Monday, May 9, 2022

Music


Note: Last Updated 6/3/2025.


John Polkinghorne:

     The recognition of other forms of value opens further windows into reality. The poverty of an objectivistic account is made only too clear when we consider the mystery of music. From a scientific point of view, it is nothing but vibrations in the air, impinging on the eardrums and stimulating neural currents in the brain. How does it come about that this banal sequence of temporal activity has the power to speak to our hearts of an eternal beauty? The whole range of subjective experience, from perceiving a patch of pink, to being enthralled by a performance of the Mass in B Minor, and on to the mystic’s encounter with the ineffable reality of the One, all these truly human experiences are at the centre of our encounter with reality and they are not to be dismissed as epiphenomenal froth on the surface of a universe whose true nature is impersonal and lifeless. From the practice of science to the acknowledgement of moral duty, on to aesthetic delight and religious experience, we live in a world which is the carrier of value at all levels of our meeting with it. Only a metaphysical account which is prepared to acknowledge that this is so can be considered to be at all adequate.
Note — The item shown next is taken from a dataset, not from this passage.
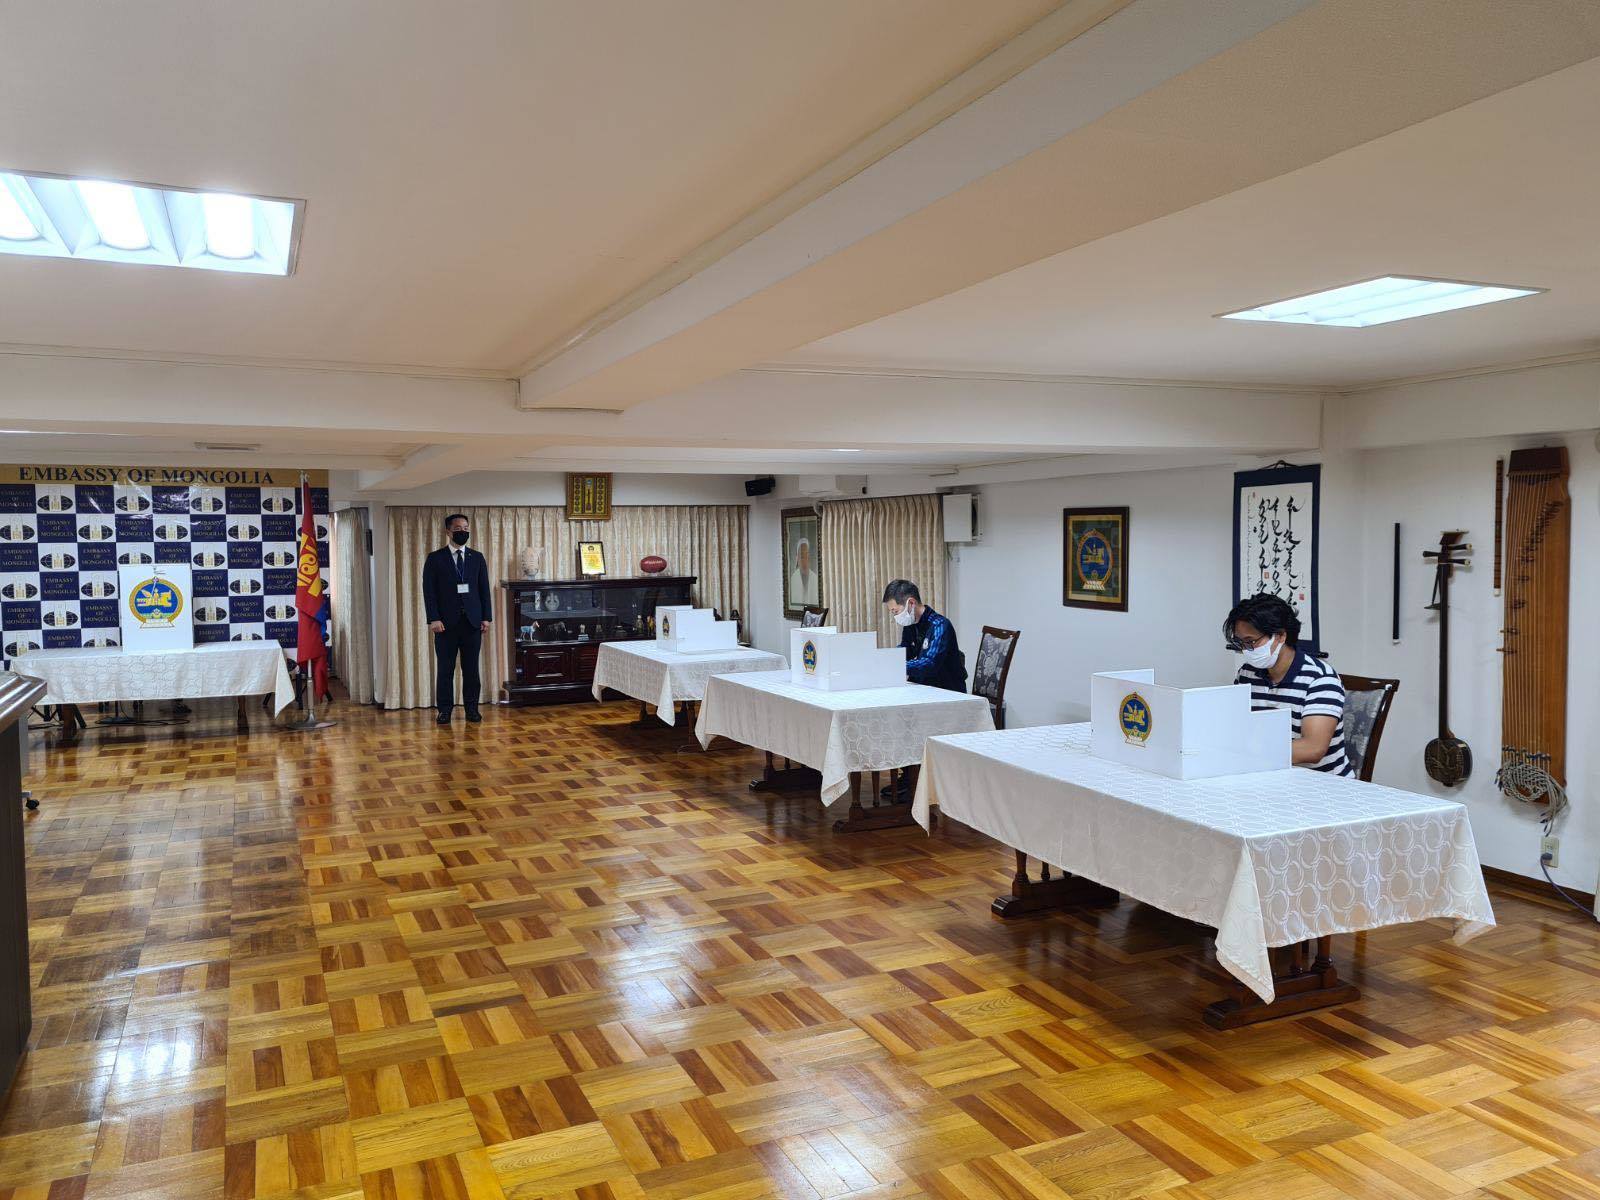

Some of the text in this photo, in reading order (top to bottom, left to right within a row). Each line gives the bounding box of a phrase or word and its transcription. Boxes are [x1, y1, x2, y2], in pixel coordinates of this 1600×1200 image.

[19, 466, 274, 485] EMBASSY OF MONGOLIA
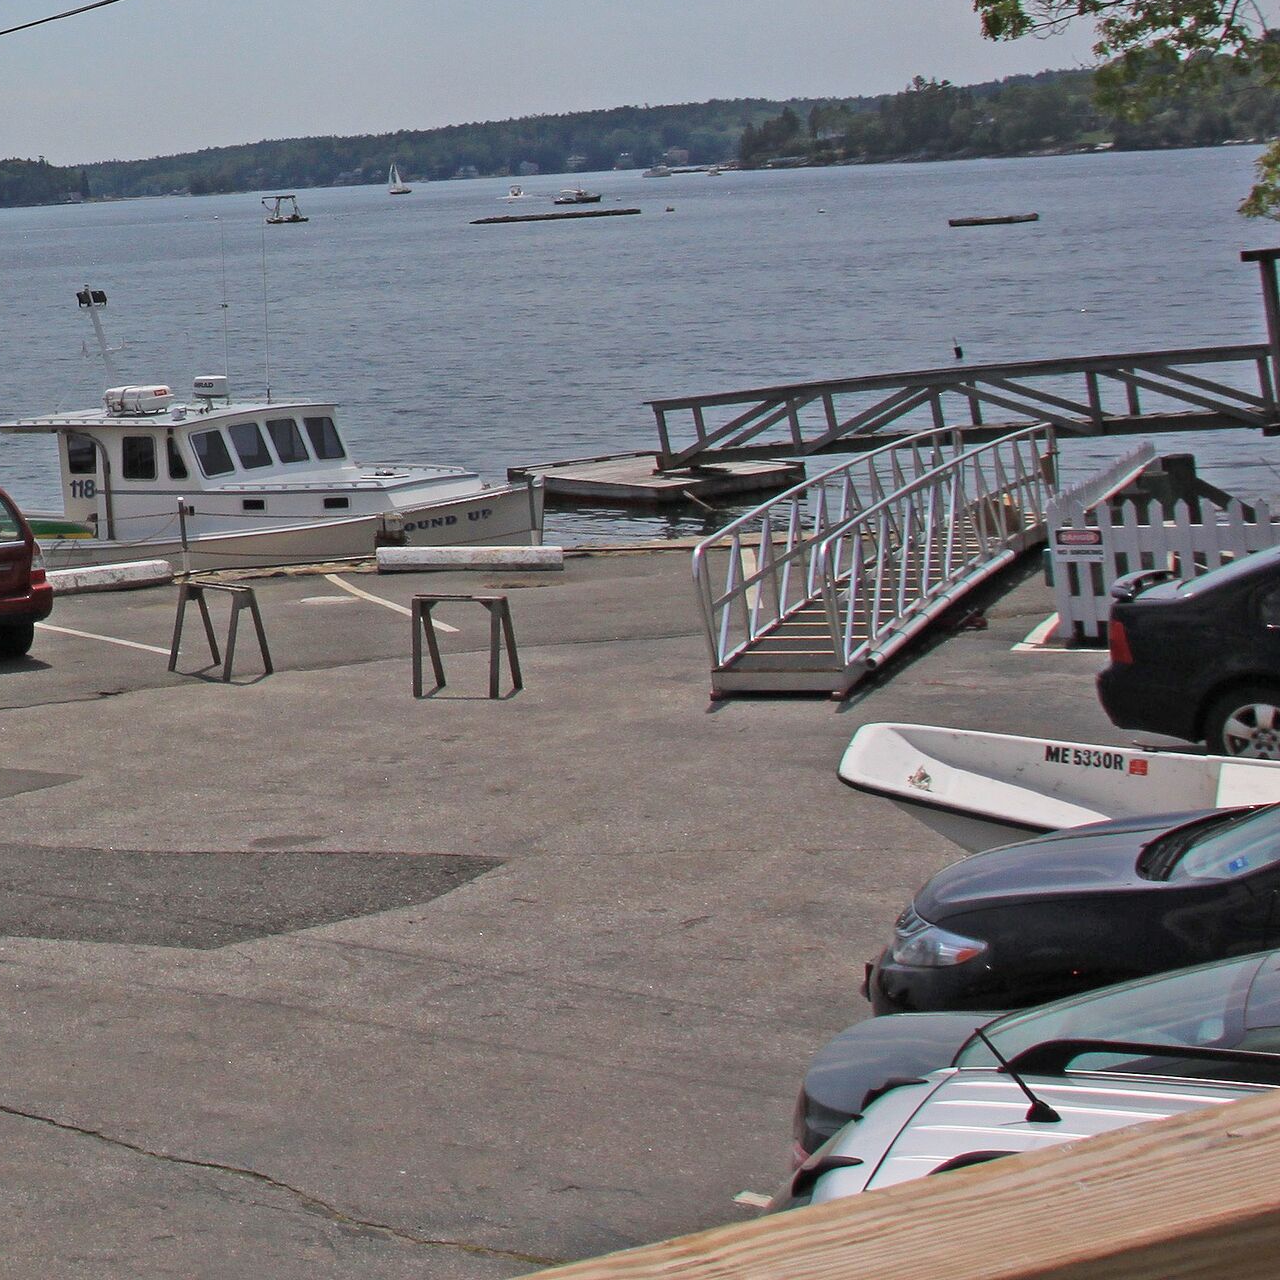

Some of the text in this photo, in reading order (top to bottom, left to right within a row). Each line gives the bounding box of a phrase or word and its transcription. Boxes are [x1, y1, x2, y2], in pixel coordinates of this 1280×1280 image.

This is an issue which frequently comes up in conversation with scientific colleagues who are not believers. I am repeatedly seeking to encourage them to take a generous view of the nature of reality, to recognise that a quasi-objective scientific description constitutes a metaphysical net with many holes in it, to reflect in their thinking those same personal qualities that they enjoy and exercise in their lives.

(John Polkinghorne, Belief in God in an Age of Science, [New Haven and London: Yale University Press, 1998], pp. 18-19.)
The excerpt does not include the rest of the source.